Found the solution for calculating Business Hours excluding weekends and holidays list in table.

https://forums.oracle.com/forums/thread.jspa?messageID=9322860

        create or replace
        FUNCTION business_hours(
              in_start_dt IN DATE DEFAULT SYSDATE ,
              in_end_dt   IN DATE DEFAULT SYSDATE )
            RETURN NUMBER DETERMINISTIC
          IS
            --  business_hours returns the number of work hours (9.30 am through 6.30 pm,
            --  Monday through Friday) between in_start_dt and in_end_dt.
            --  If in_start_dt > in_end_dt, the results will be <= 0.
            d          NUMBER;                                    -- Hours of either start_dt or end_dt after midnight
            end_dt     DATE := GREATEST (in_start_dt, in_end_dt); -- In case dates were in wrong order
            return_val NUMBER;                                    -- Total number of working hours
            start_dt   DATE := LEAST (in_start_dt, in_end_dt);    -- In case dates were in wrong order
          BEGIN
          WITH all_days AS
            (SELECT TRUNC(start_dt) + LEVEL - 1 AS a_dt
            FROM dual
              CONNECT BY LEVEL <= 1 + TRUNC (end_dt) - TRUNC (start_dt)
            MINUS
            SELECT hol_dt FROM holiday
            )
          SELECT SUM (9)
          INTO return_val
          FROM all_days
          WHERE TO_CHAR ( a_dt , 'Dy' , 'NLS_DATE_LANGUAGE = ''ENGLISH''' ) NOT IN ('Sat', 'Sun');
          -- Adjust hours from start_dt, if necessary
          IF TO_CHAR ( start_dt , 'Dy' , 'NLS_DATE_LANGUAGE = ''ENGLISH''' ) NOT IN ('Sat', 'Sun') THEN
            d := 24 * (start_dt - TRUNC (start_dt));
            IF d >= 18.5 THEN -- Don't count start_dt itself
              return_val := return_val - 9;
            ELSIF d > 9.5 THEN -- Don't count part of start_dt
              return_val := return_val - (d - 9.5);
            END IF;
          END IF;
          -- Adjust hours from end_dt, if necessary
          IF TO_CHAR ( end_dt , 'Dy' , 'NLS_DATE_LANGUAGE = ''ENGLISH''' ) NOT IN ('Sat', 'Sun') THEN
            d := 24 * (end_dt - TRUNC (end_dt));
            IF d <= 9.5 THEN -- Don't count end_dt itself
              return_val := return_val - 9;
            ELSIF d < 18.5 THEN -- Don't count part of end_dt
              return_val := return_val - (18.5 - d);
            END IF;
          END IF;
          IF in_start_dt > in_end_dt THEN
            return_val  := -return_val;
          END IF;
          RETURN return_val;
        END business_hours ;

I just did something like that.
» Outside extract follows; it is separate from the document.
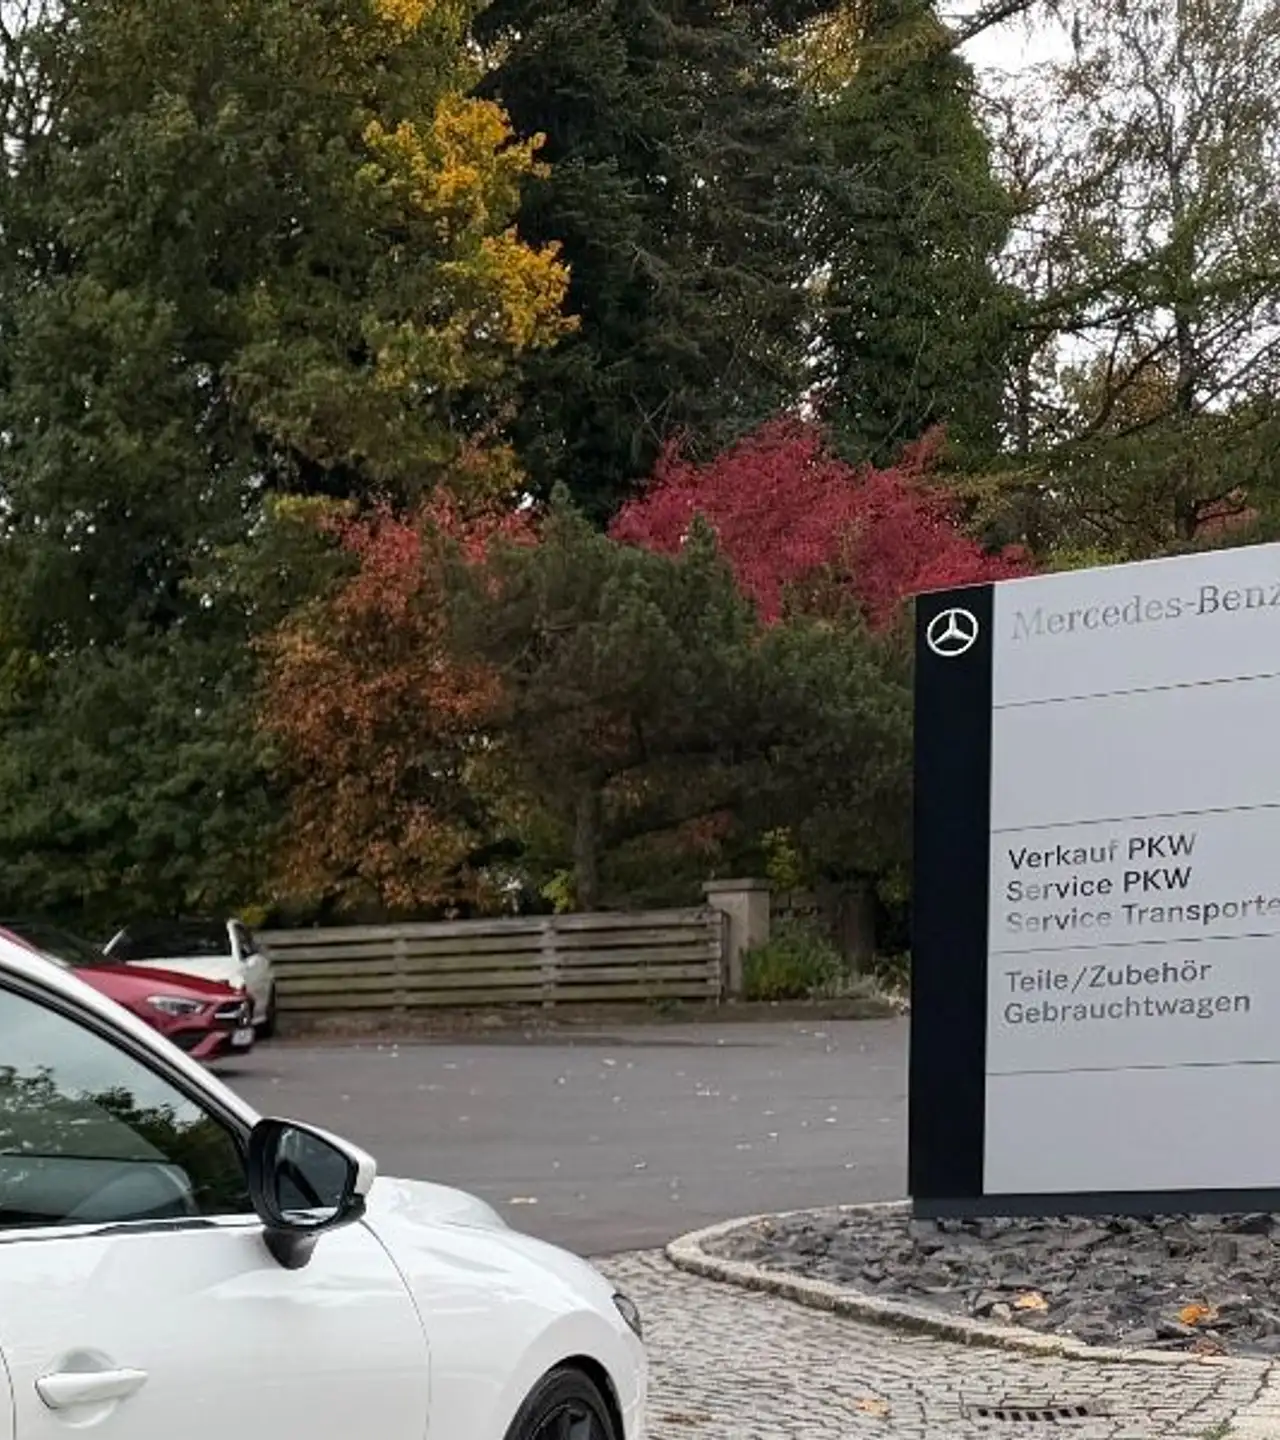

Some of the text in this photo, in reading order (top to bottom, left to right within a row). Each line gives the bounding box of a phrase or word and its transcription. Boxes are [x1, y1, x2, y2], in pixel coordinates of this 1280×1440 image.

Here is an sql code piece to calculate the work done between stime and etime by employees in a table T

create table t ( NAME varchar(50), stime date, etime date, clockin number,clockout number );
insert into t values ( 'JOHN', to_date( '18/12/2003 11:40','dd/mm/yyyy hh24:mi'), to_date( '22/12/2003 14:00', 'dd/mm/yyyy hh24:mi'),8, 17 );
insert into t values ( 'JOHN', to_date( '19/12/2003 13:40','dd/mm/yyyy hh24:mi'), to_date( '21/12/2003 15:00', 'dd/mm/yyyy hh24:mi'),8, 17 );
insert into t values ( 'TOM', to_date( '19/12/2003 13:40','dd/mm/yyyy hh24:mi'), to_date( '21/12/2003 15:00', 'dd/mm/yyyy hh24:mi'),8, 17 );


with oo as (SELECT LEVEL-1 rn FROM dual CONNECT BY LEVEL <= 365) --JUST A TABLE WITH INTEGER RECORDS FROM 1 To 365 
select
t.NAME ,sum(least( trunc(stime)+18.5/24+rn, etime )-greatest( stime, trunc(stime)+9.5/24+rn))*24 as WorkHours -- Get workhours between 09:30-18:30 
from oo
inner join t on oo.rn < (trunc(etime)-trunc(stime)+1) 
      and to_char(stime+rn,'Dy') not in ( 'Sat', 'Sun' )  --For eliminating Weekends
      and to_char(trunc(stime)+rn,'DD.MM')  != '04.07'   -- For eliminating Holidays
group by t.NAME 

You can delete the group by line and remove the sum function to see how it works by generating rows for each day worked.